• **What you have to do**
For this exercise, restate word for word only the lines from the one containing "Some of the text" through the last line below. Pictures do not get copied.

==== Input data

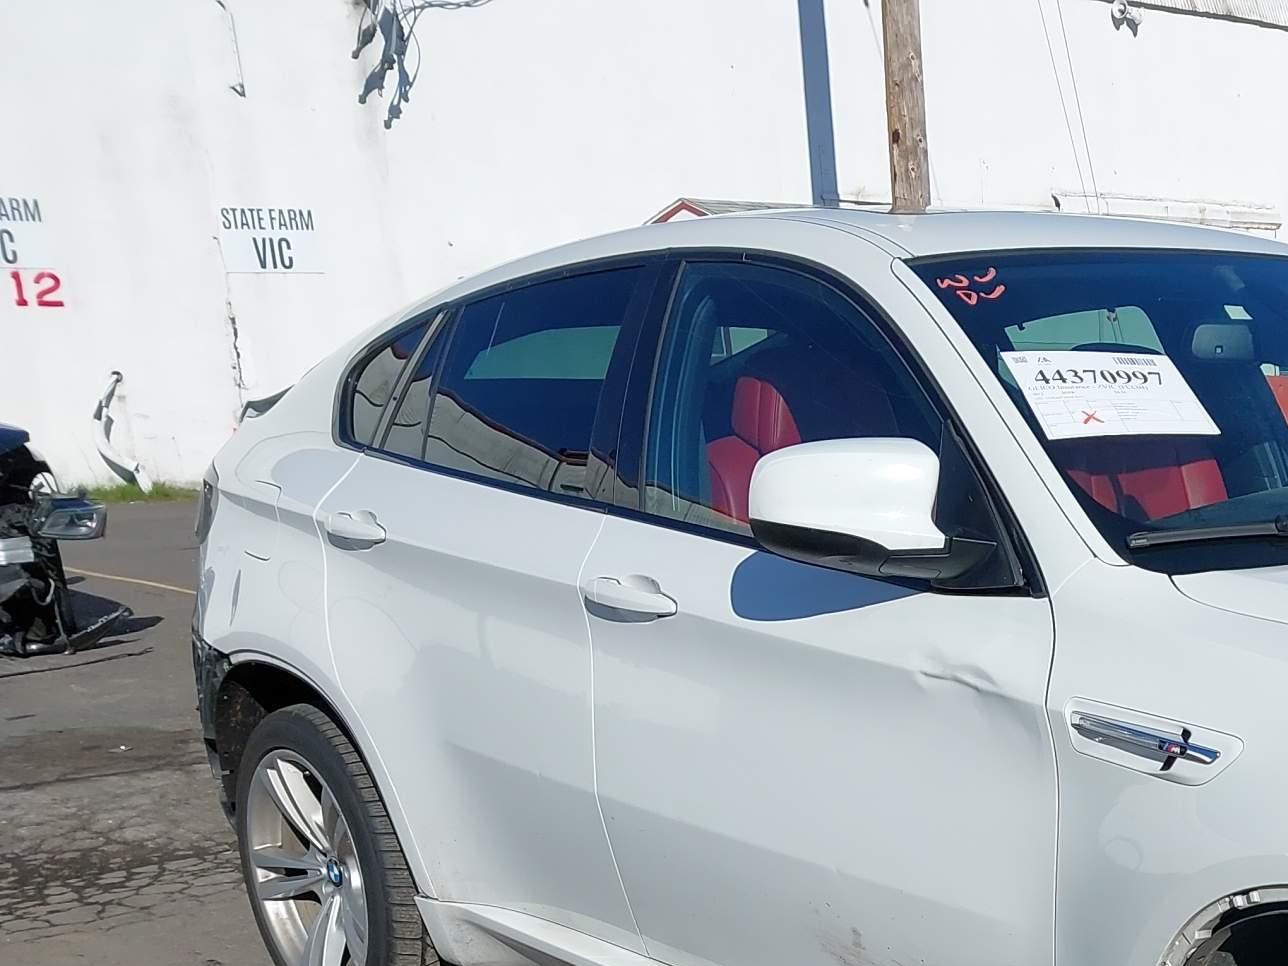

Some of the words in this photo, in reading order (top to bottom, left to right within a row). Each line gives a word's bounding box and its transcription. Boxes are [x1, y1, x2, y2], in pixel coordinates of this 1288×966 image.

[0, 197, 42, 223] ARM
[220, 207, 266, 230] STATE
[268, 208, 315, 231] FARM
[252, 236, 294, 270] VIC
[10, 271, 64, 307] 12
[1034, 369, 1162, 386] 44370997
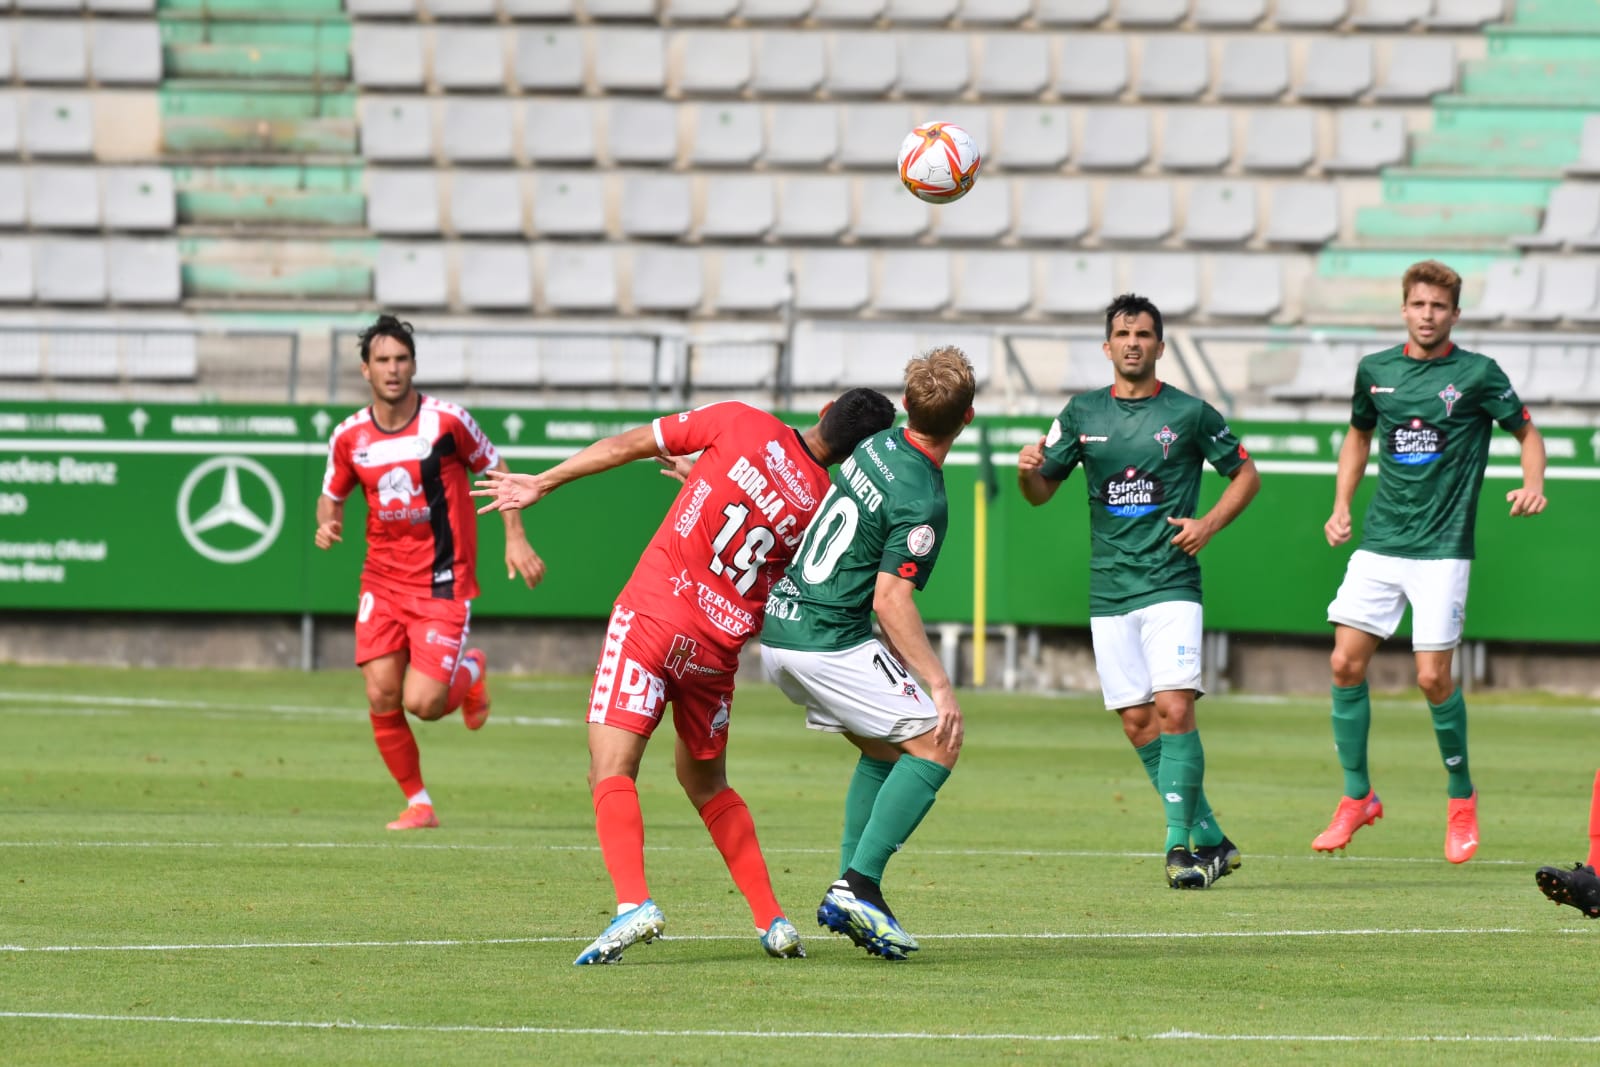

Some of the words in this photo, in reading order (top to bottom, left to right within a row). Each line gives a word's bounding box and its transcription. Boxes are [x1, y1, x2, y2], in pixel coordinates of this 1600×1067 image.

[1394, 428, 1438, 441] Estrella
[1395, 440, 1437, 453] Galicia
[727, 456, 785, 523] BORJA
[849, 467, 883, 513] NIETO
[1107, 480, 1153, 495] Estrella
[1108, 491, 1151, 505] Galicia
[708, 501, 776, 597] 19
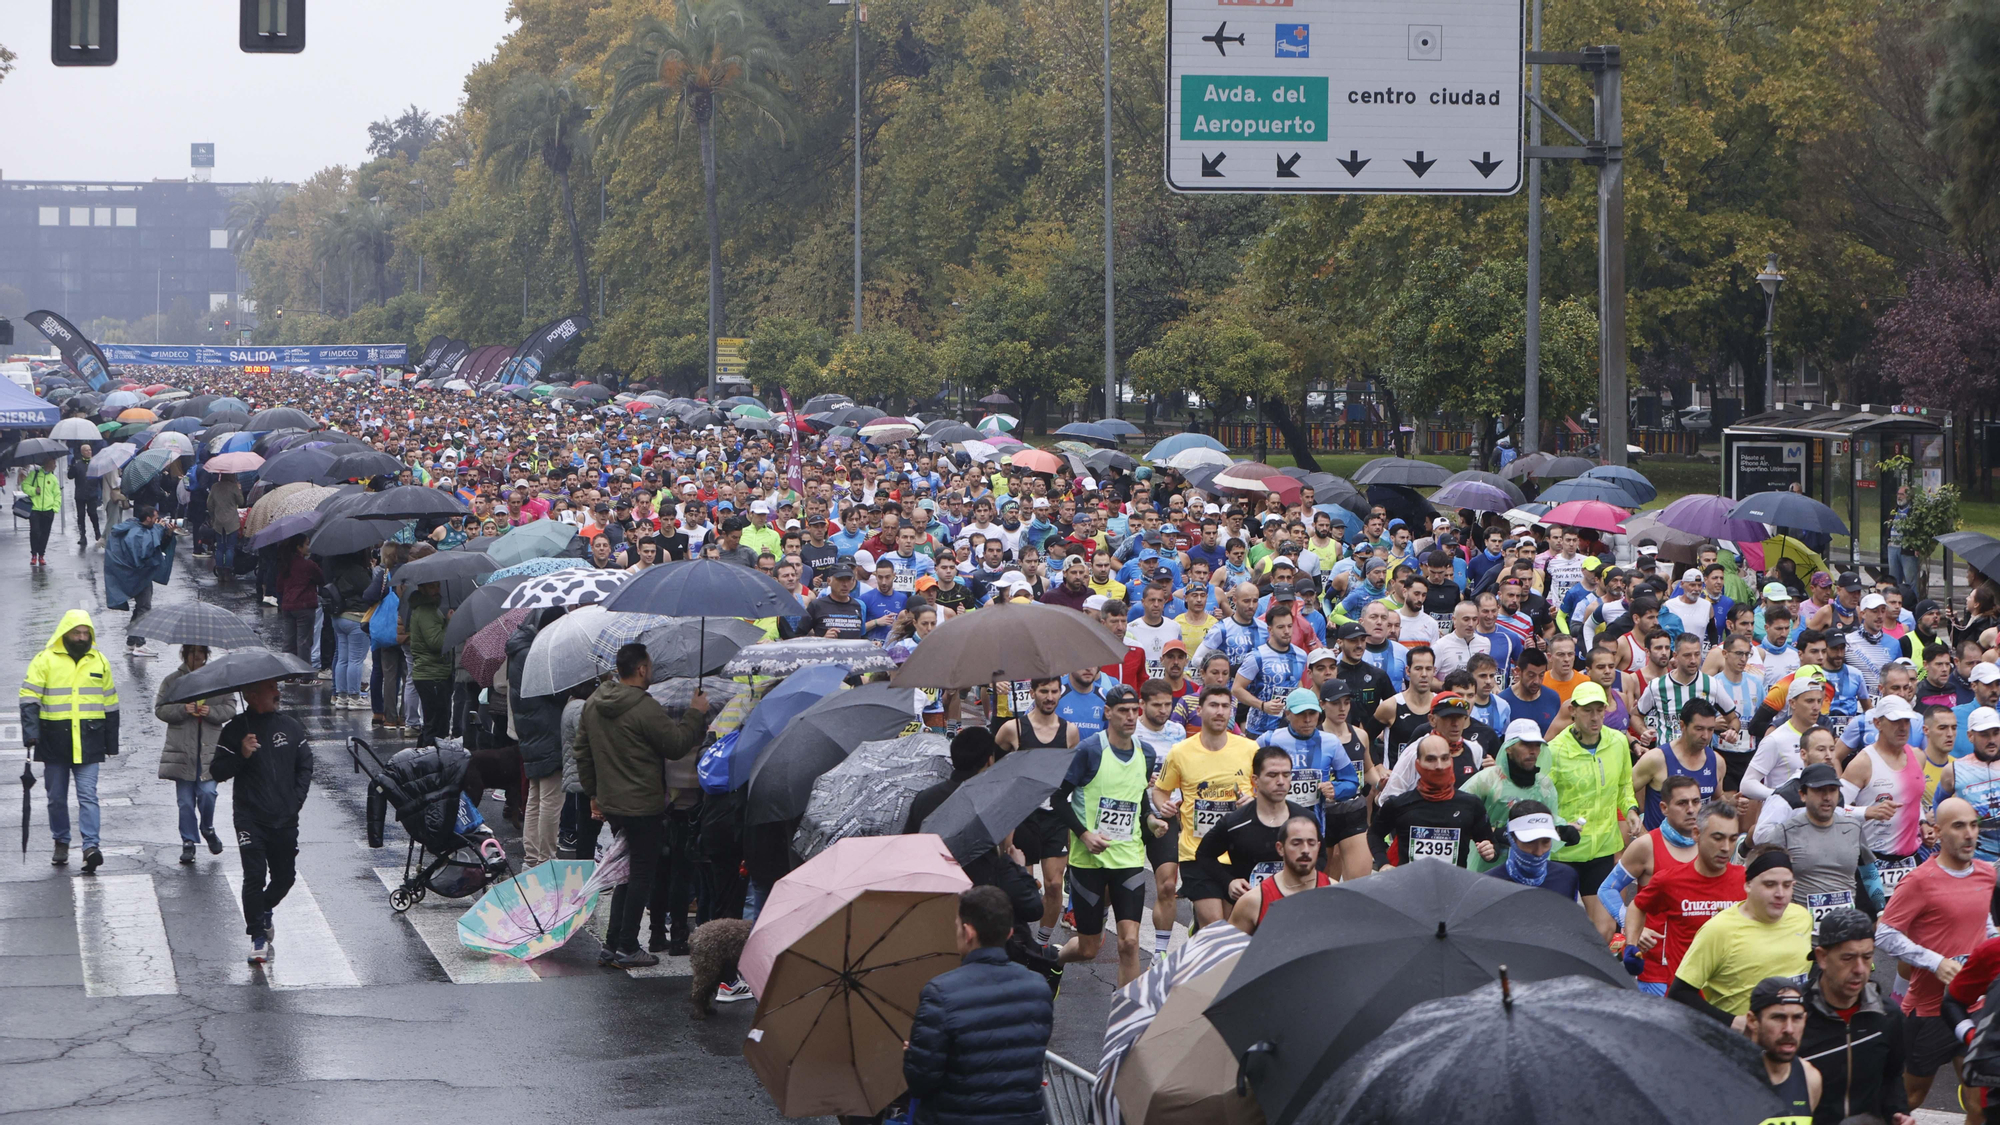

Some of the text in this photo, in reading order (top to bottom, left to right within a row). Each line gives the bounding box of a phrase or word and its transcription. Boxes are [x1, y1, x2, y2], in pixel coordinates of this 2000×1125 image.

[1204, 84, 1306, 102] Avda. del
[1348, 87, 1500, 106] centro ciudad
[1194, 115, 1315, 137] Aeropuerto
[546, 319, 573, 342] POWER
[561, 324, 578, 339] ADE
[230, 351, 277, 361] SALIDA
[812, 556, 835, 568] FALCÓN
[894, 575, 913, 583] 2381
[1101, 811, 1131, 826] 2273
[1415, 841, 1452, 856] 2395
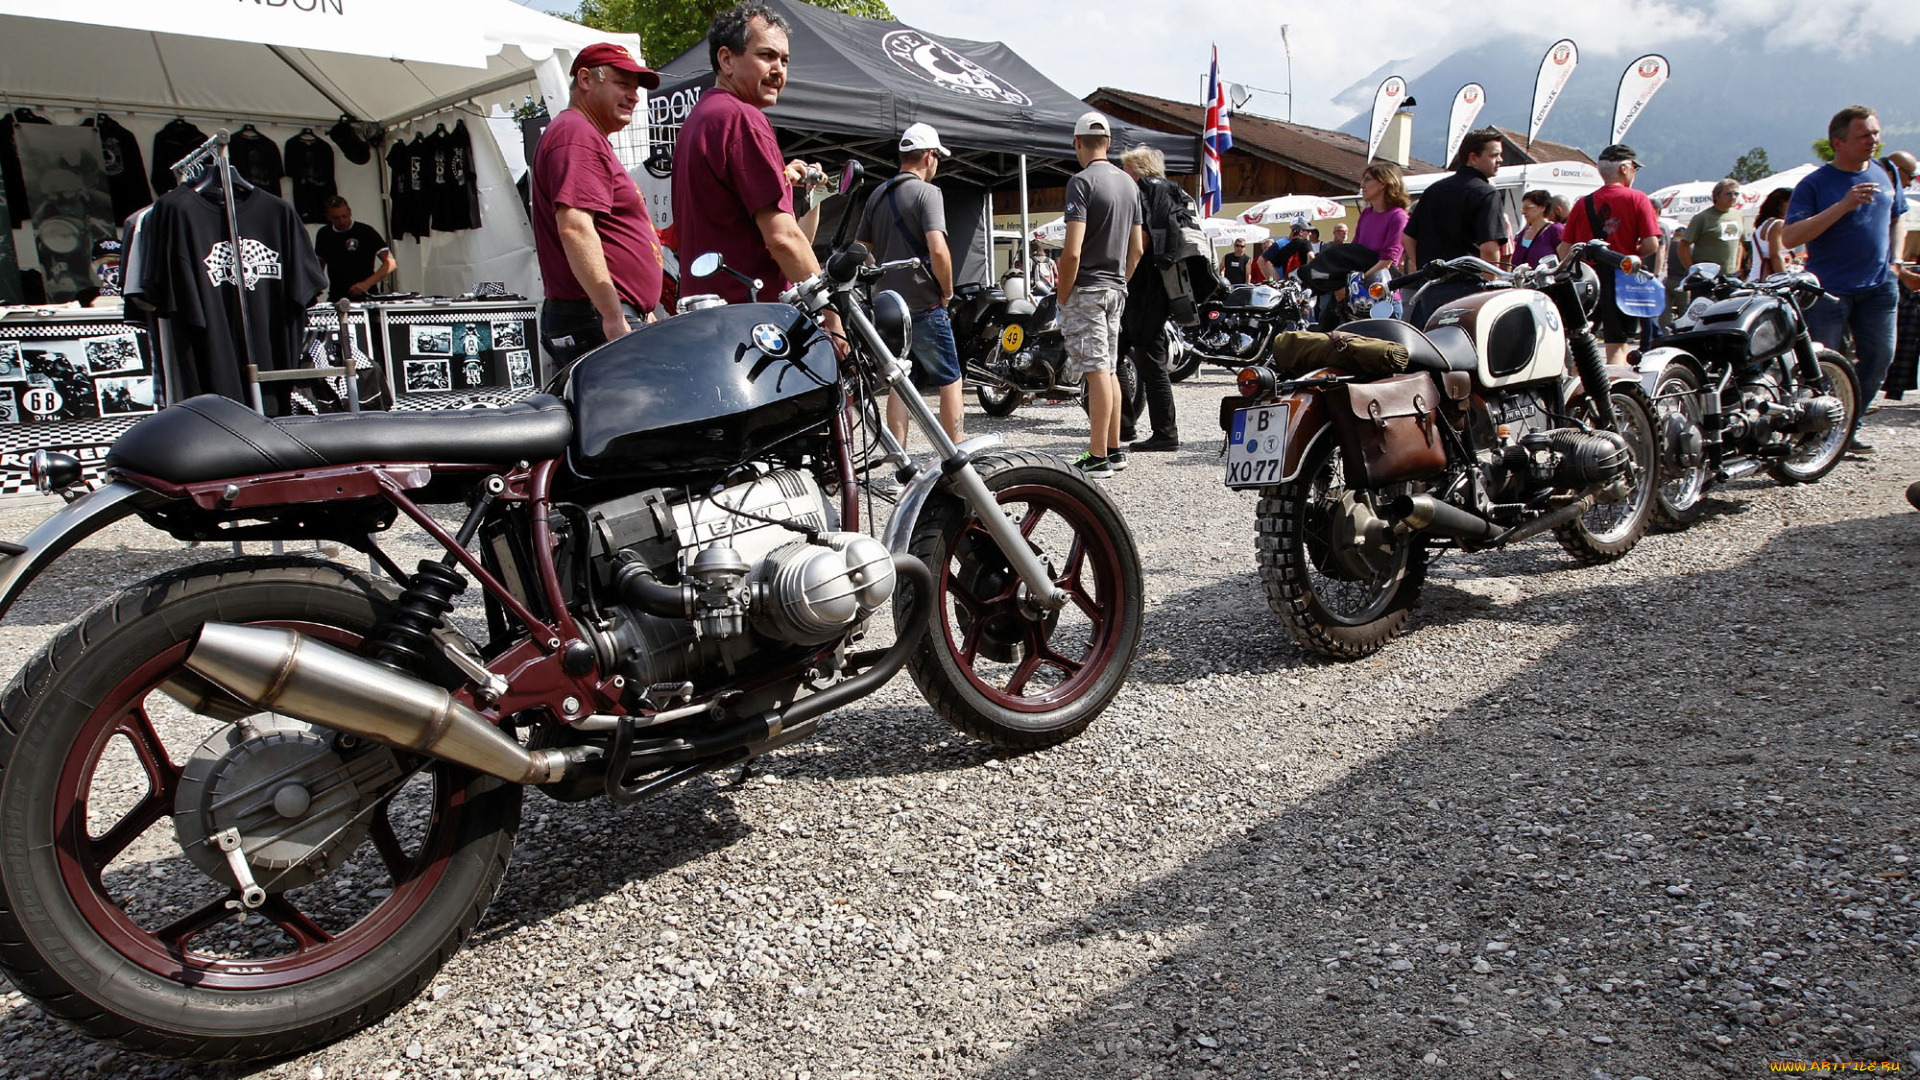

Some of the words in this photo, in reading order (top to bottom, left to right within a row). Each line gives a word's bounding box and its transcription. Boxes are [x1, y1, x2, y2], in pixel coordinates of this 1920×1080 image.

[891, 35, 920, 62] ACE
[1533, 89, 1557, 126] ERDINGER
[1616, 100, 1644, 135] ERDINGER
[1275, 210, 1305, 219] ERDINGER
[1006, 331, 1018, 345] 49
[31, 392, 55, 411] 68
[1258, 410, 1270, 432] B
[1235, 431, 1241, 441] D

========

• **Result of the exercise**
Some of the text in this photo, in reading order (top to bottom, left to right within a row). Each line gives the bounding box of a phrase or word and its transcription. Boxes are [x1, y1, x2, y2], in pixel coordinates of this 2000×1125 image.

[1204, 84, 1306, 102] Avda. del
[1348, 87, 1500, 106] centro ciudad
[1194, 115, 1315, 137] Aeropuerto
[546, 319, 573, 342] POWER
[561, 324, 578, 339] ADE
[230, 351, 277, 361] SALIDA
[812, 556, 835, 568] FALCÓN
[894, 575, 913, 583] 2381
[1101, 811, 1131, 826] 2273
[1415, 841, 1452, 856] 2395

Some of the words in this photo, in reading order (top to bottom, left to right within a row). Each line gives a word's bounding box and its transcription. Boxes are [x1, y1, x2, y2], in pixel coordinates of this 1920×1080 image.

[891, 35, 920, 62] ACE
[1533, 89, 1557, 126] ERDINGER
[1616, 100, 1644, 135] ERDINGER
[1275, 210, 1305, 219] ERDINGER
[1006, 331, 1018, 345] 49
[31, 392, 55, 411] 68
[1258, 410, 1270, 432] B
[1235, 431, 1241, 441] D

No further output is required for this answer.